Reference no: EM133370966
Case Study: Phil is a 19-year-old male who has severe Multiple Sclerosis. He uses a wheelchair. He attends a living skills program at a local community centre to maintain his independence. Occasionally Phil engages in behaviour that makes things difficult and awkward for others. He also makes it difficult for people to get to know and get along with him - especially if he does not get his own way or when his routine is suddenly changed. Today Phil arrived at the skills program complaining of not feeling well. He says nothing further even when he is asked if he is okay. Throughout the morning Phil has been irritable towards everyone, yet has remained compliant. Before lunch, Phil goes to the bathroom to empty his catheter bag and Jayne (one of the occupational therapy assistants) notices his urine is very dark and has a pungent aroma. She reports this to the centre manager. Phil comes back from the bathroom looking a little pale. He says that he is nauseous. The centre manager feels his forehead and he is very warm to touch. She phones Phil's doctor to report it. The doctor thinks that Phil might have a urinary tract infection (UTI) and instructs the manager to call Q Paramedical to transport Phil to the hospital.

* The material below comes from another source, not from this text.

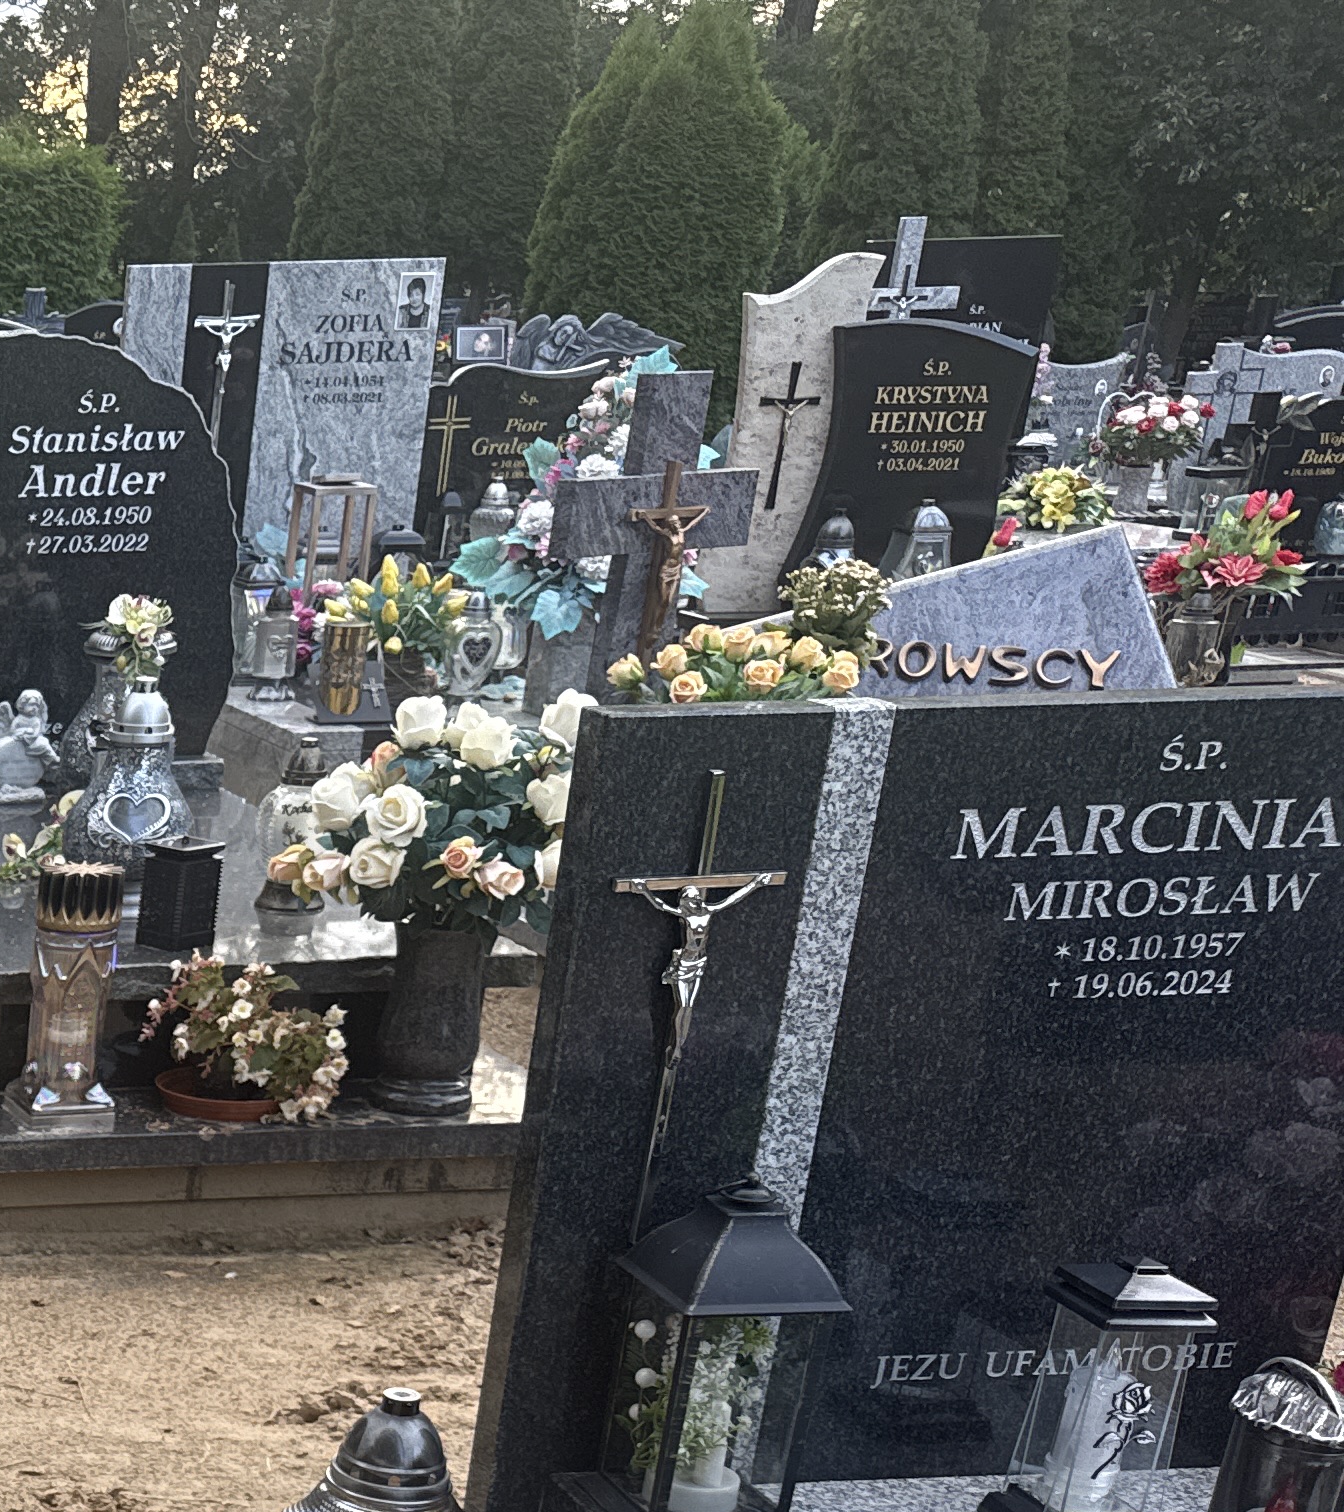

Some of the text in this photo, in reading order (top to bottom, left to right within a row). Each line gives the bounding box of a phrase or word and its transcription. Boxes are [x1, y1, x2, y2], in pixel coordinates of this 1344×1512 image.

Phil is not happy about this and is upset that Jayne has reported his condition. He is very upset that he has to leave the centre. He becomes verbally aggressive toward staff and clients at the centre.
You arrive with your partner Emily, who is on her first call out as a new emergency response medic.
On arrival you observe the surroundings. Clients are eating their lunch and Phil is at the table watching others eat. He appears angry and the manager of the centre confirms this saying, "...he has been told he has to go to hospital and he's not at all happy with the decision and has become verbally aggressive." You scan the area identifying exit points and the position of other patients.
You receive some history from the centre manager while Emily approaches Phil. She begins to introduce herself but Phil picks up the plate of food next to him and throws it at Emily. He begins shouting obscenities at her. The clients become upset and frightened by his behaviour. Emily is taken back and begins to shake. She is not injured. She turns to you for direction and support.
You interact with Phil from a safe distance and talk to him to de-escalate the situation and calm him down. After some communication, intervention and positive affirmation, Phil calms down to a level that enables him to follow instructions and show compliance in acceptable behaviour. He gives permission for you assess to his physical status and take some vital observations.
Your assessment identifies the following:
•Pulse = 110, Reg GCS= 15 Nausea
•BP = 115/75 PEARL Temp = 39.6
•Resp Rate = 24 BGL= 4.4 mmol Pain in the hypogastric region
•SaO2= 96% Diaphoretic Urine = dusky yellow, foreign bodies ? blood clots
Phil agrees to be transported to a health facility and Emily and yourself proceed to transfer him from his chair to a stretcher and then in to the emergency vehicle.
You observe Phil throughout the transfer and notice he is becoming anxious again, verbalising he needs his wheelchair. He is worried about his mobility once he gets to the venue. You reassure him you will also load his wheelchair.
Question: Describe and explain what triggers (physical, psychological and environmental) may have contributed to Phil's behaviour.
List and describe at least four (4) legislative and/or procedural requirements that would be relevant to this situation.